Top of Data excerpts
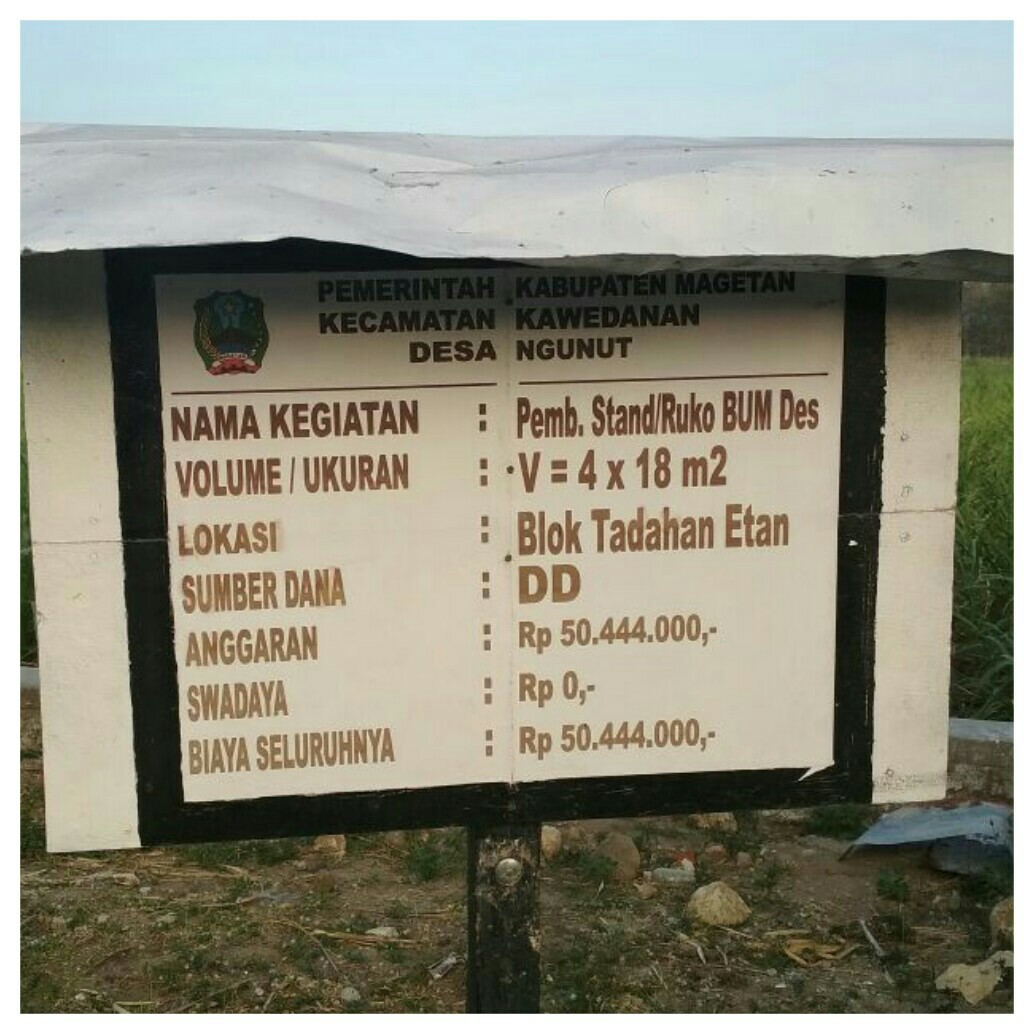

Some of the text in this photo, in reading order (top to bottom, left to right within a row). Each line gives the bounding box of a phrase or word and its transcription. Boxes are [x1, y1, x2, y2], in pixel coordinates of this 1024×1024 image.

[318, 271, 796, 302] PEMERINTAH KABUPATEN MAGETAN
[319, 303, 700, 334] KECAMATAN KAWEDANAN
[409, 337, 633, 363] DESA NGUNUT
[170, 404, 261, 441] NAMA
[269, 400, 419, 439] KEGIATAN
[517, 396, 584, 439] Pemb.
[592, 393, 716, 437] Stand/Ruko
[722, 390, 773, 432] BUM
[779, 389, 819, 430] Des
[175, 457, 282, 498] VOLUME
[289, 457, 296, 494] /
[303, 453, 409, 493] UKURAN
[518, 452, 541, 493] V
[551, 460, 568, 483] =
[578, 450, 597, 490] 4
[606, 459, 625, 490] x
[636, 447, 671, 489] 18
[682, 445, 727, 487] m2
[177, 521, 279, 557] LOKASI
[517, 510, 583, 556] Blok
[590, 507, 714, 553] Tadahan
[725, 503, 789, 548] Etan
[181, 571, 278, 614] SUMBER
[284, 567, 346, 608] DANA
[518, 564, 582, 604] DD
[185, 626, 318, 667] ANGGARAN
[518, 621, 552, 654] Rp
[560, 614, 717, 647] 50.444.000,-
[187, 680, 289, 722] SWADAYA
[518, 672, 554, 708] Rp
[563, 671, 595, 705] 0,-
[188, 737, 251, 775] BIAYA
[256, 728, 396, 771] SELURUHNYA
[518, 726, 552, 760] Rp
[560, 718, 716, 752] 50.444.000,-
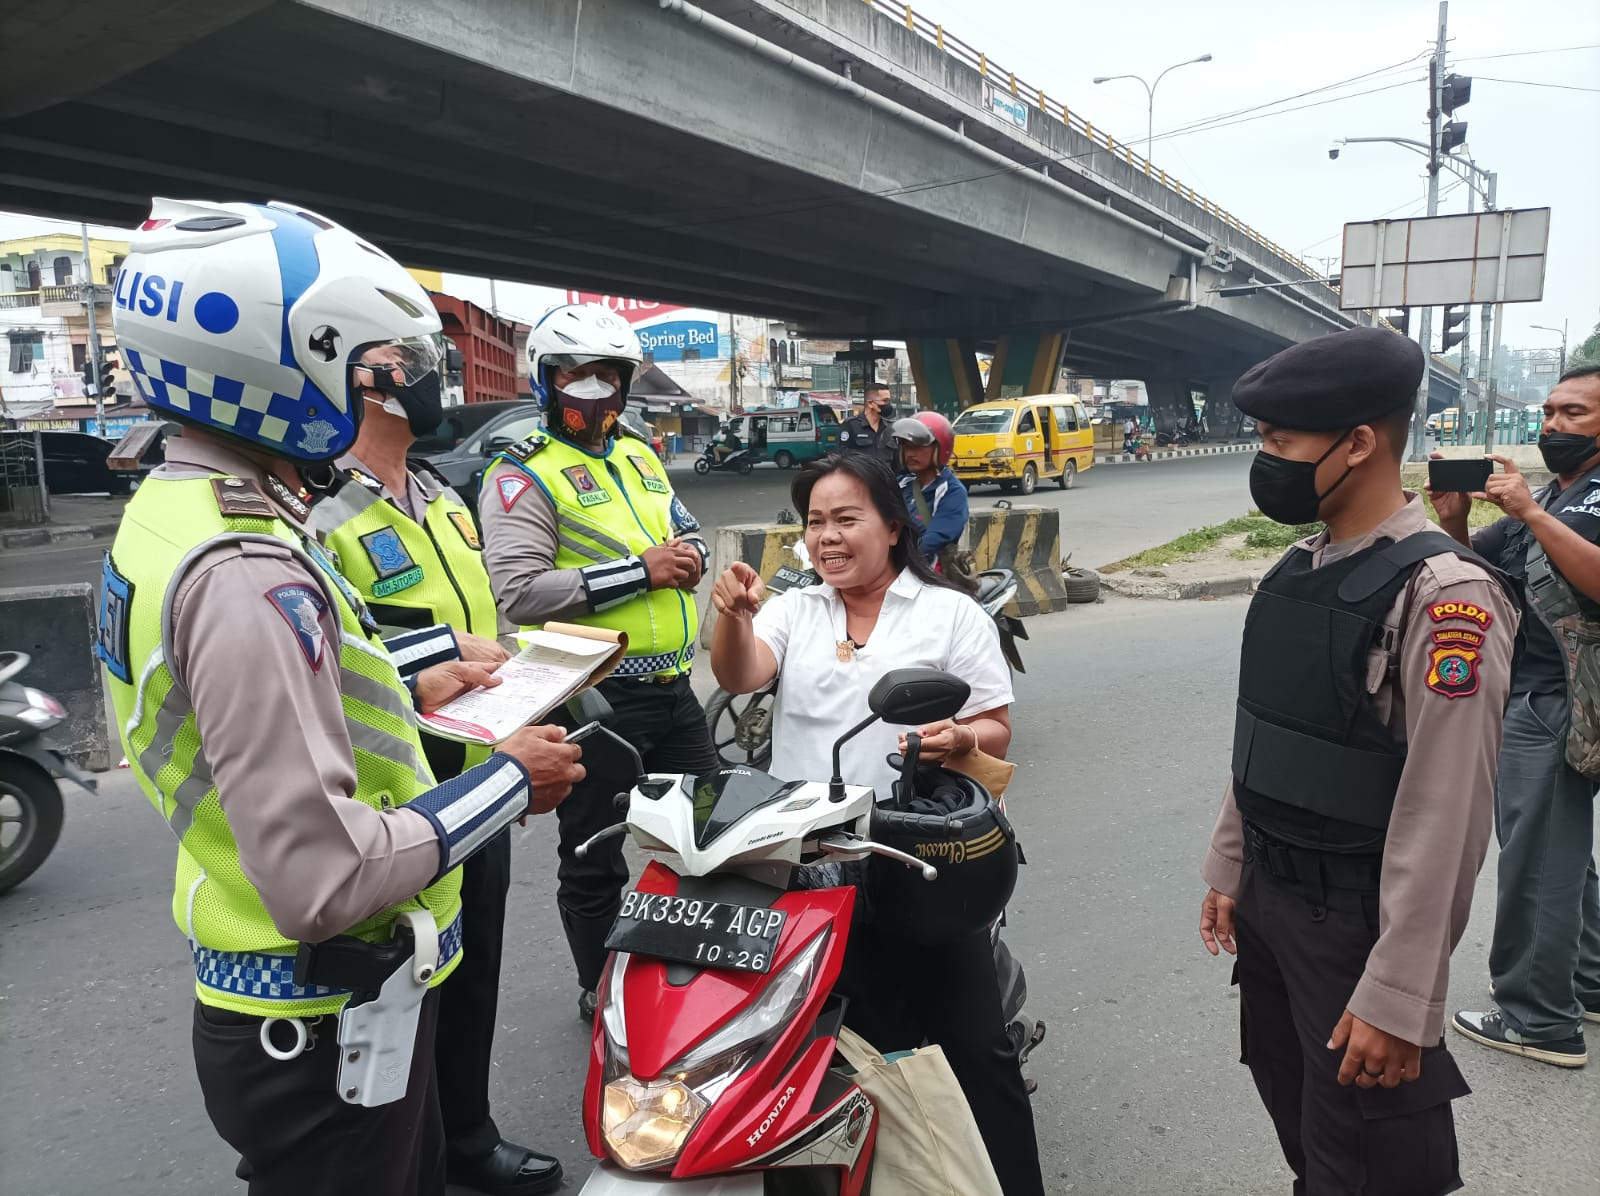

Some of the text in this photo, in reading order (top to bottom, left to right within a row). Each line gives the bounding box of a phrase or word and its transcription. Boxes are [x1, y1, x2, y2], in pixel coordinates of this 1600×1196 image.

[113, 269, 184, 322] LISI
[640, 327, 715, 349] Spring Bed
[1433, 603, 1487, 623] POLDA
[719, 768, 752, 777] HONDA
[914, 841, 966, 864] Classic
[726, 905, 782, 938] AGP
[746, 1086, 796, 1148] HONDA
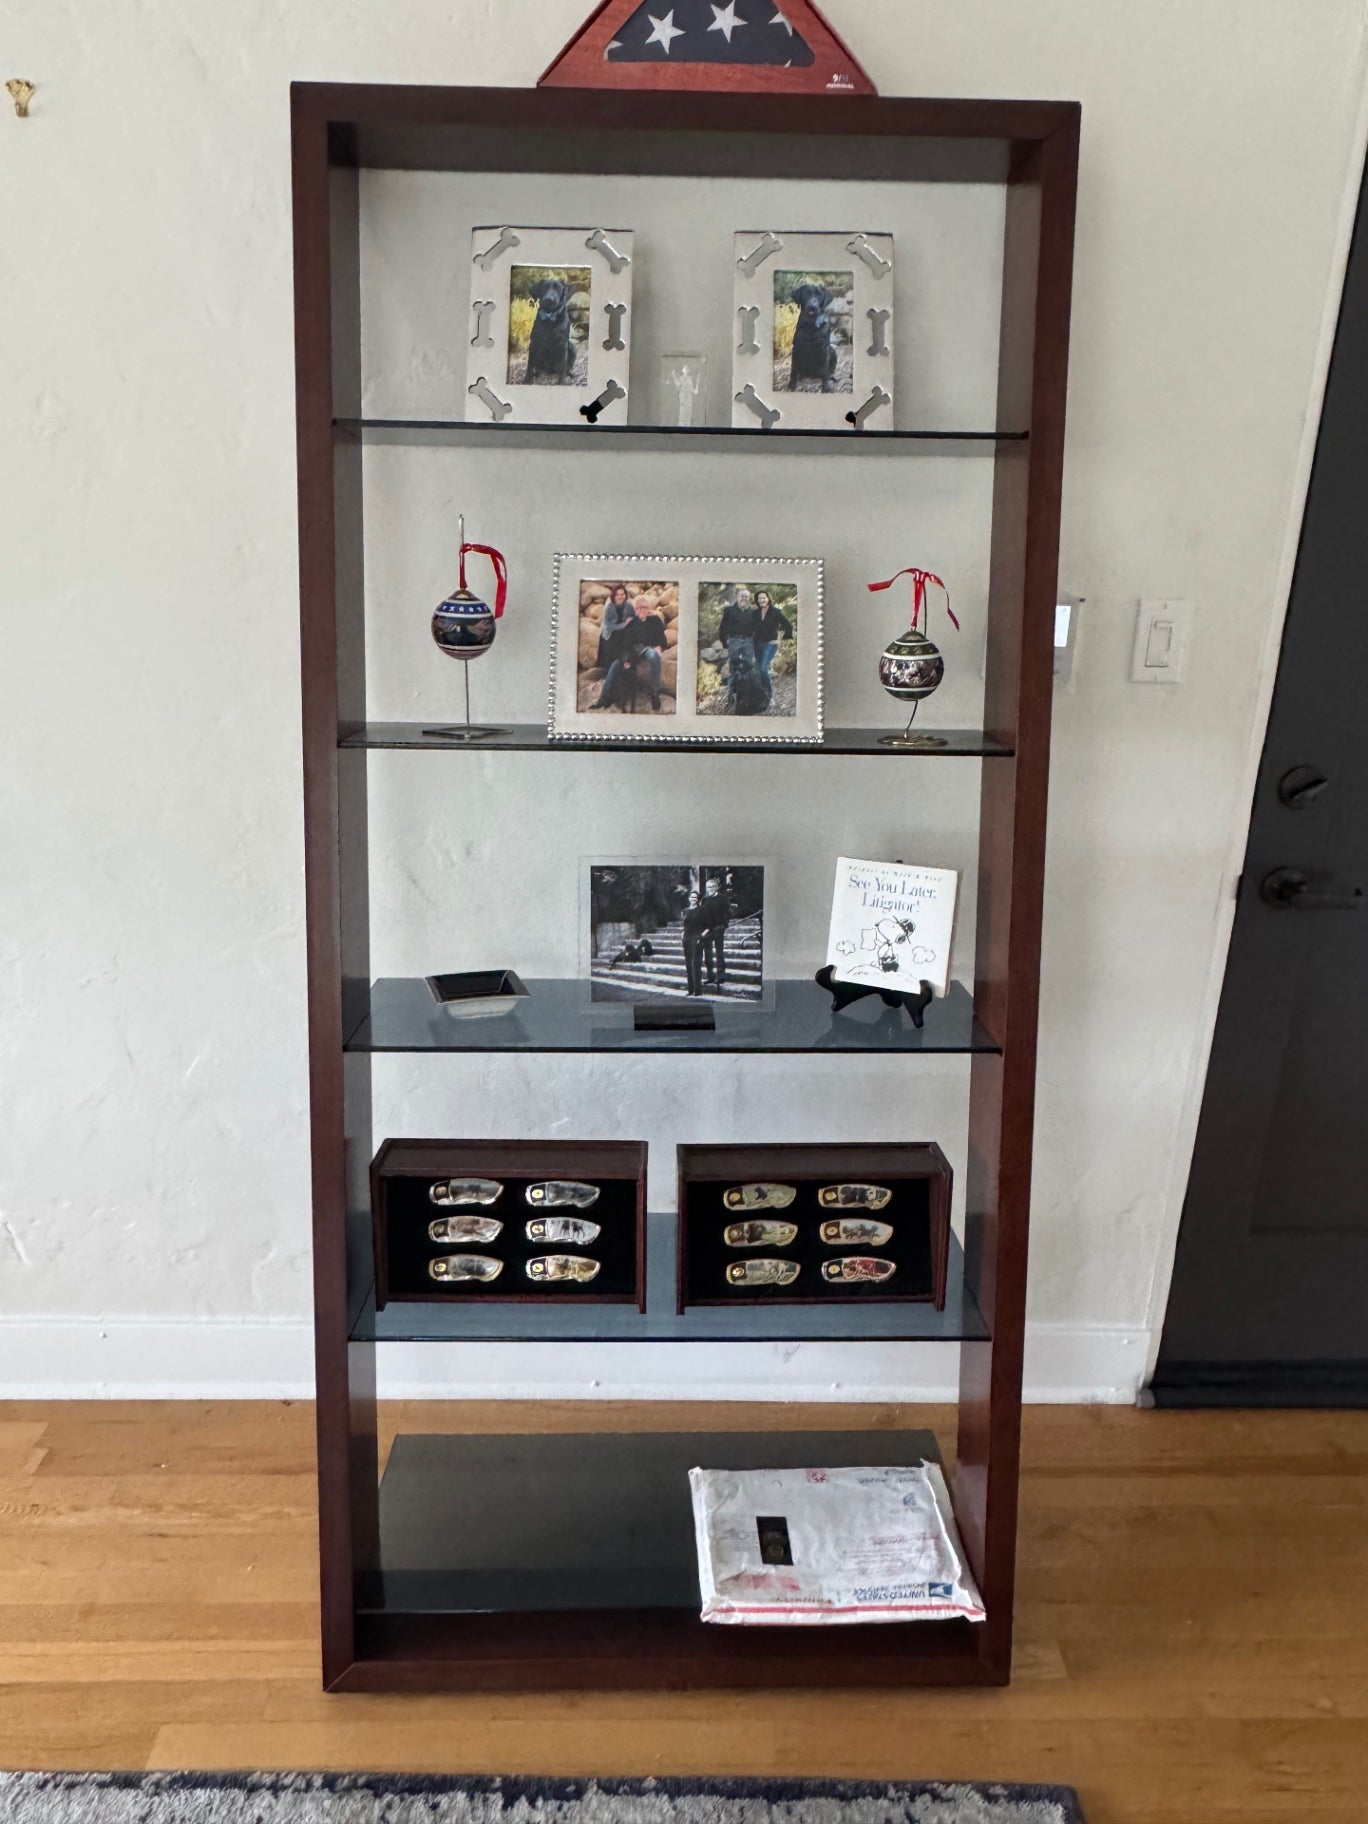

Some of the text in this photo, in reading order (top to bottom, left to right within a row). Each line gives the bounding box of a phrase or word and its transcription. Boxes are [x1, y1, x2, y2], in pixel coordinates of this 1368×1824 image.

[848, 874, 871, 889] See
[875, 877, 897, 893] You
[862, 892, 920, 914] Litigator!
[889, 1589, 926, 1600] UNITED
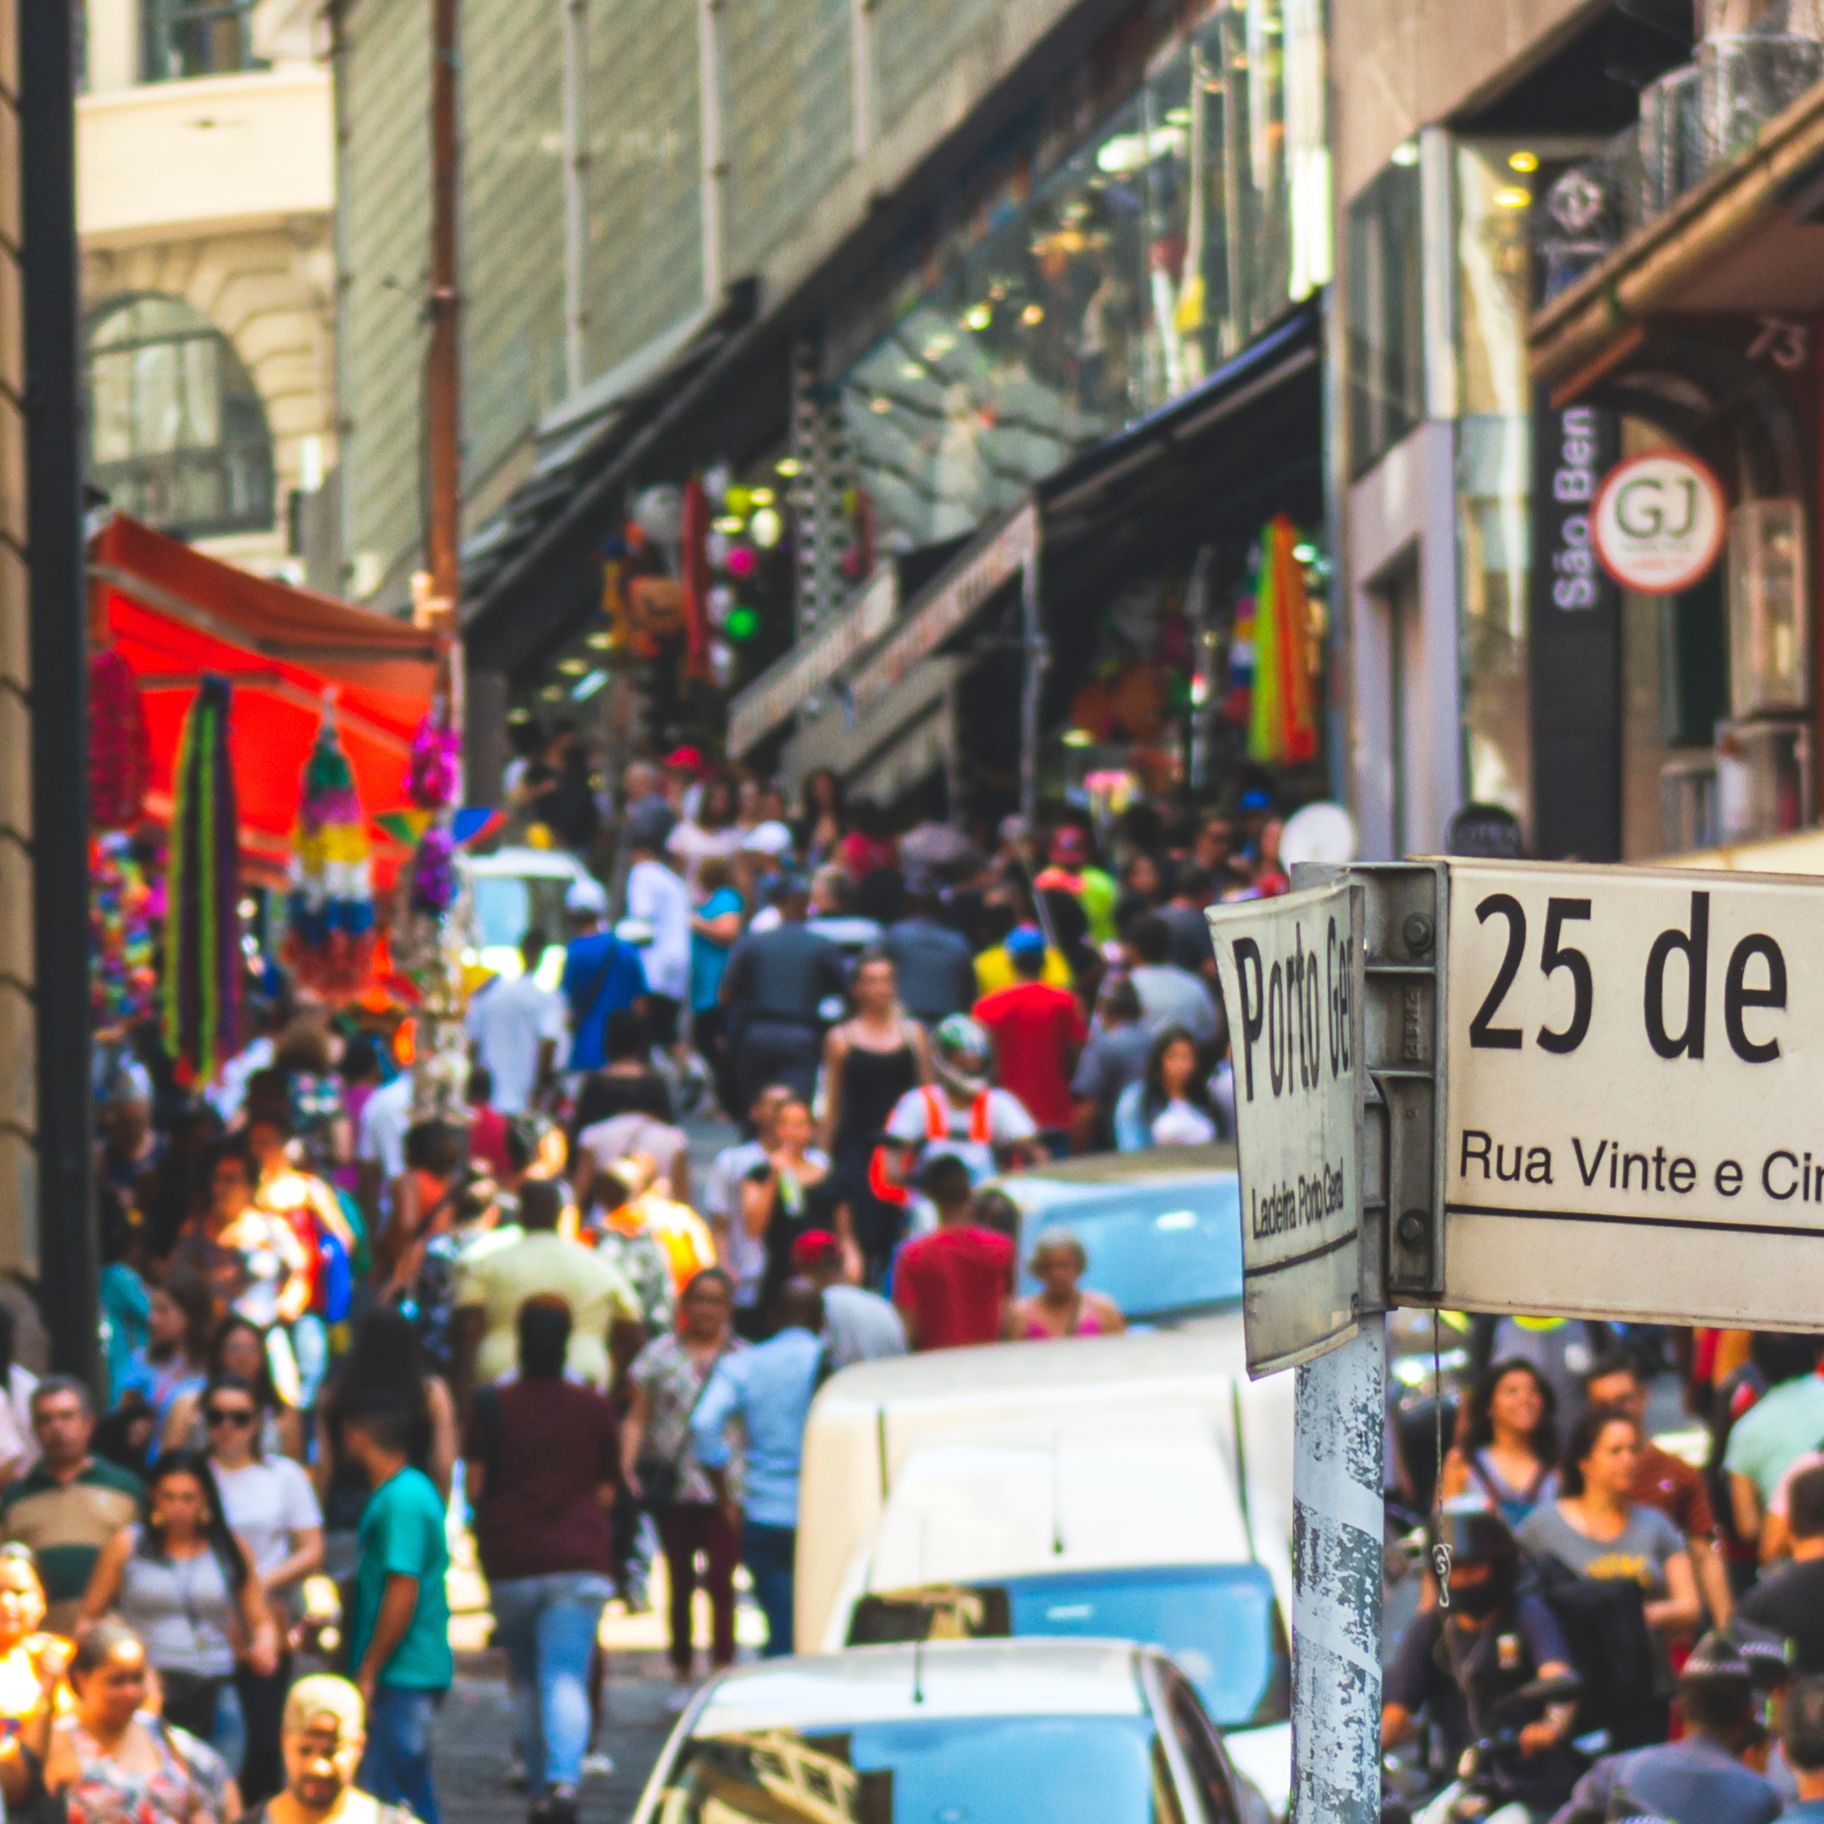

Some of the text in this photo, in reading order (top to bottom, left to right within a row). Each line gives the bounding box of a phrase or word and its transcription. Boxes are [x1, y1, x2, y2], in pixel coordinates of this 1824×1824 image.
Bottom of Data excerpts
Work instruction – The required output is the line containing "this 1368×1824 image." plus every line after it to the end of the data, copied exactly and with no pictures.

Solved exercise –
Some of the text in this photo, in reading order (top to bottom, left to right within a row). Each line gives the bounding box of a phrase or word and its transcription. Boxes are [x1, y1, x2, y2], in pixel coordinates of this 1368×1824 image.

[848, 874, 871, 889] See
[875, 877, 897, 893] You
[862, 892, 920, 914] Litigator!
[889, 1589, 926, 1600] UNITED

Some of the text in this photo, in reading order (top to bottom, left to right within a row). Each line gives the bounding box of a phrase or word and its transcription. Boxes are [x1, y1, x2, y2], in pixel coordinates of this 1824×1824 image.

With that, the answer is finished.